** Opening Records for the task block **

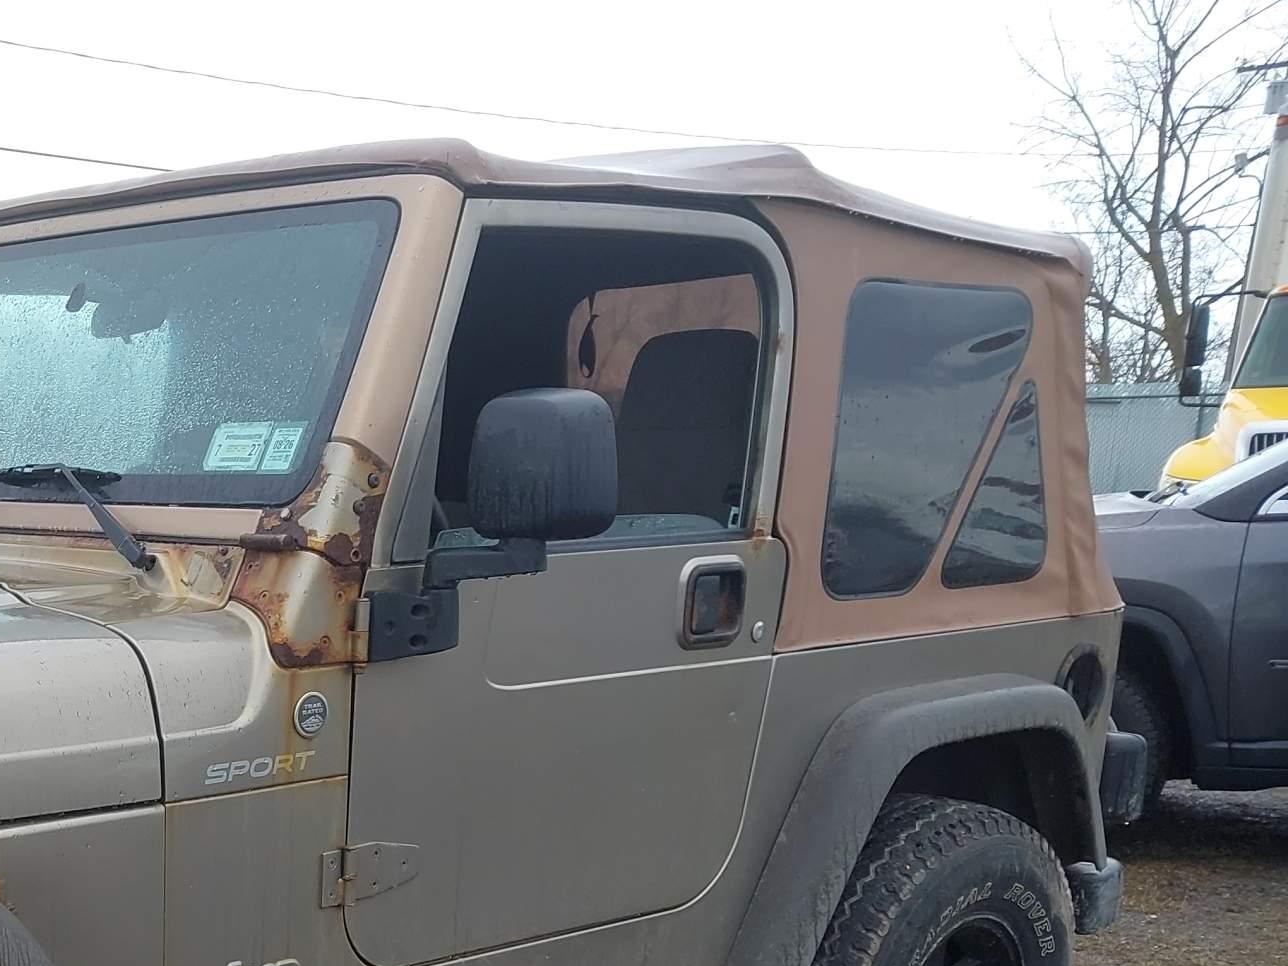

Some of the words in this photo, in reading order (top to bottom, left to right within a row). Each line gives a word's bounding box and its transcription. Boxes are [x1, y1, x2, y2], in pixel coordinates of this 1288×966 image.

[247, 443, 262, 456] 27
[205, 751, 315, 785] SPORT
[1003, 882, 1056, 957] ROVER
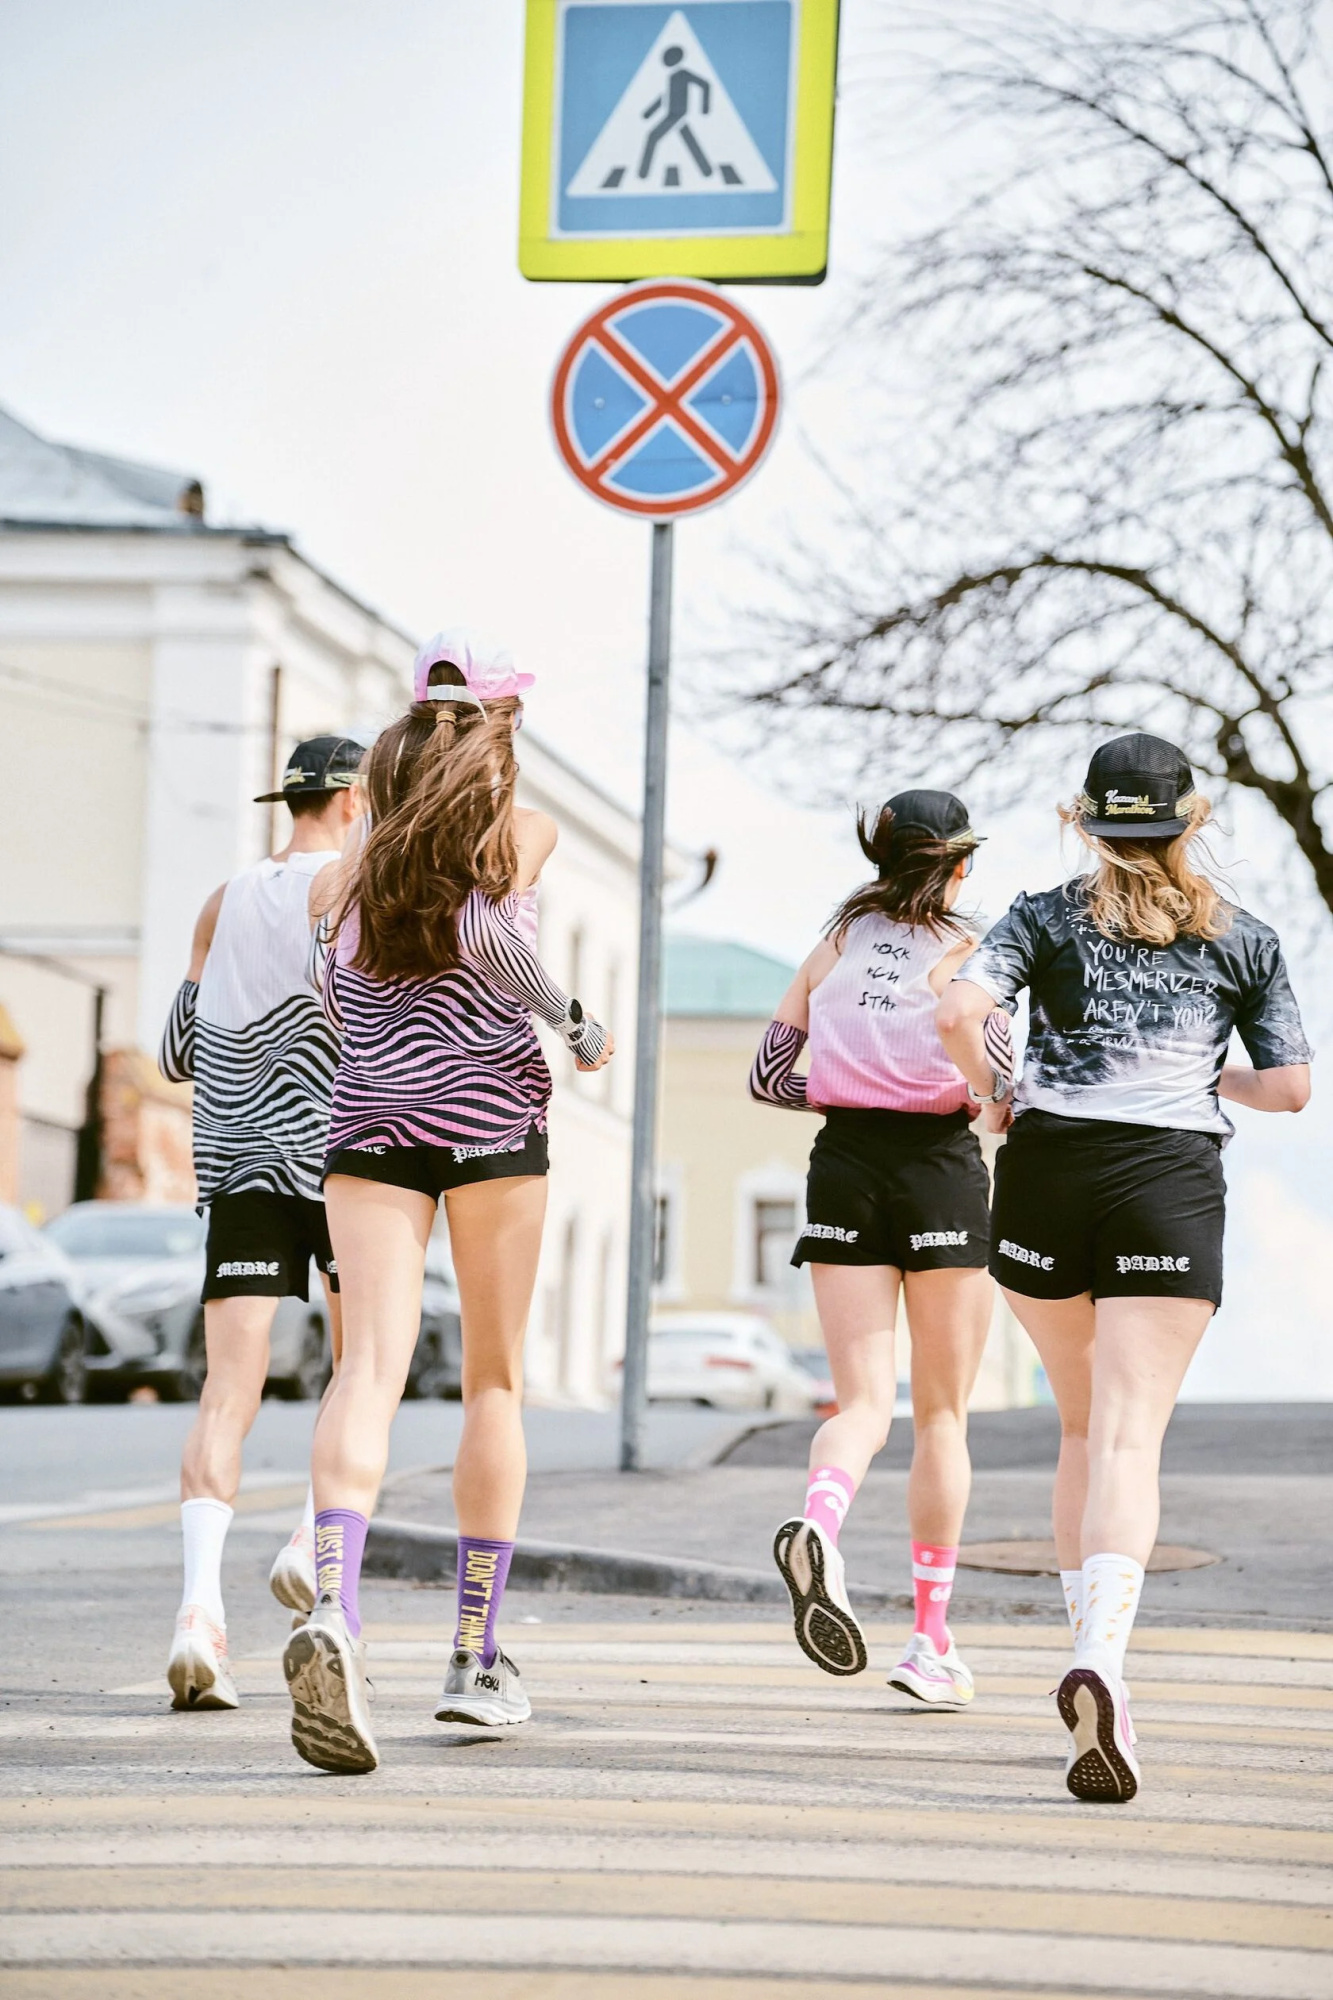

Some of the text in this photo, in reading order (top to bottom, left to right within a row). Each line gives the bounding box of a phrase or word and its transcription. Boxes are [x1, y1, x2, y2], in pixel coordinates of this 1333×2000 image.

[1086, 939, 1168, 967] YOU'RE
[1082, 997, 1166, 1023] AREN'T
[909, 1230, 968, 1251] PADRE
[216, 1261, 280, 1278] MADRE
[1115, 1255, 1191, 1274] PADRE
[315, 1525, 344, 1594] JUST RU
[463, 1549, 499, 1601] DON'T
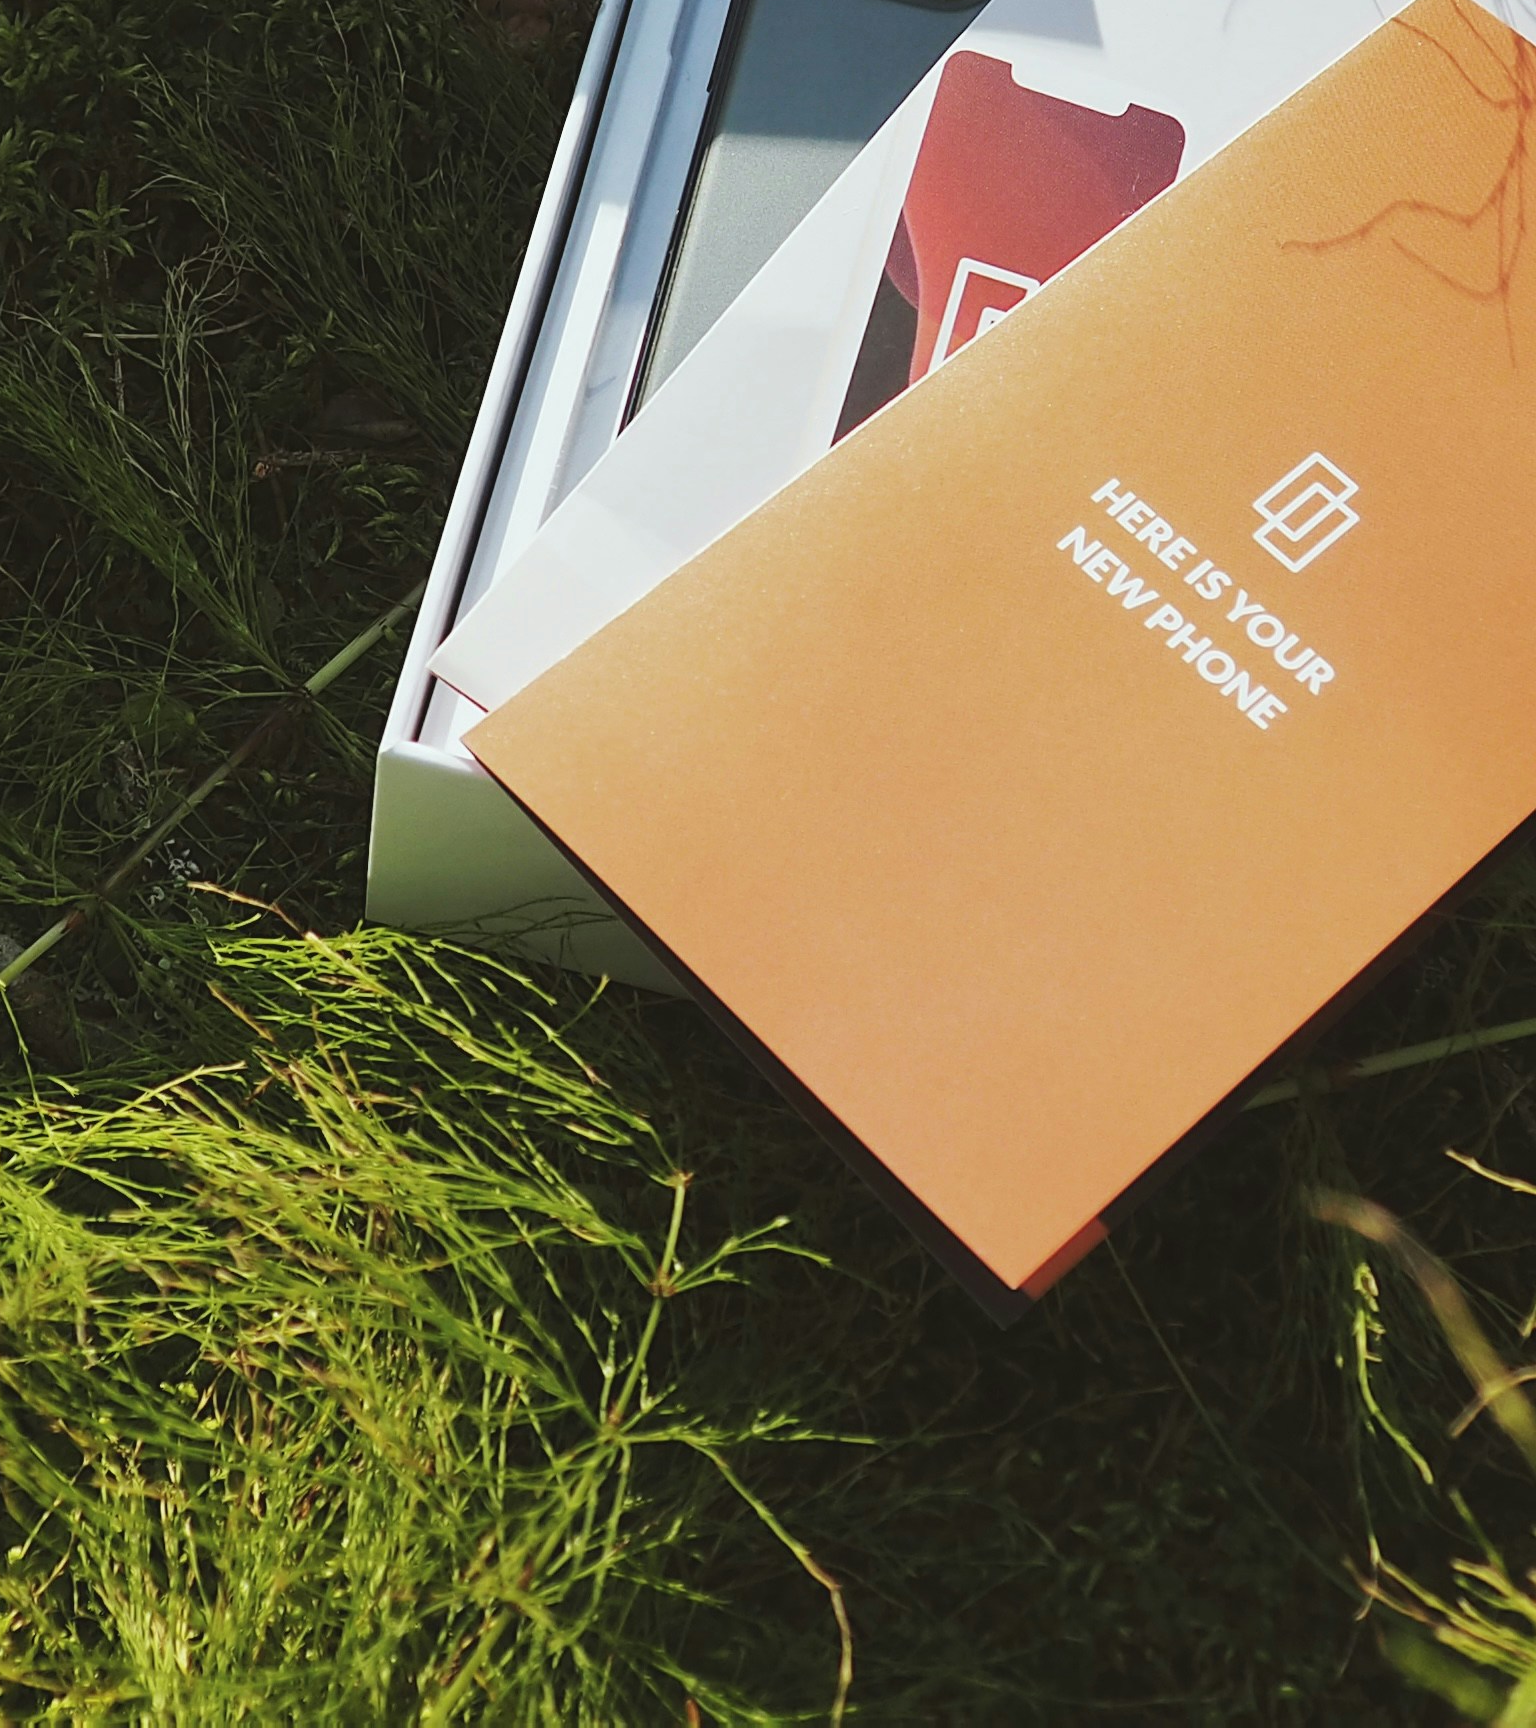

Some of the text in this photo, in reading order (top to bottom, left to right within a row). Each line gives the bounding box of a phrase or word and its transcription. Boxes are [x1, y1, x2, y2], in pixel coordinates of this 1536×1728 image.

[1056, 525, 1288, 730] NEW PHONE
[1090, 478, 1335, 696] HERE IS YOUR

** Closing Records for the task block **

What to produce:
Your answer should consist only of the lines from the one that holds "this 1536×1728 image." to the end of the entries above, both ends included, each repeated exactly.

The completed task:
Some of the text in this photo, in reading order (top to bottom, left to right within a row). Each line gives the bounding box of a phrase or word and its transcription. Boxes are [x1, y1, x2, y2], in pixel coordinates of this 1536×1728 image.

[1056, 525, 1288, 730] NEW PHONE
[1090, 478, 1335, 696] HERE IS YOUR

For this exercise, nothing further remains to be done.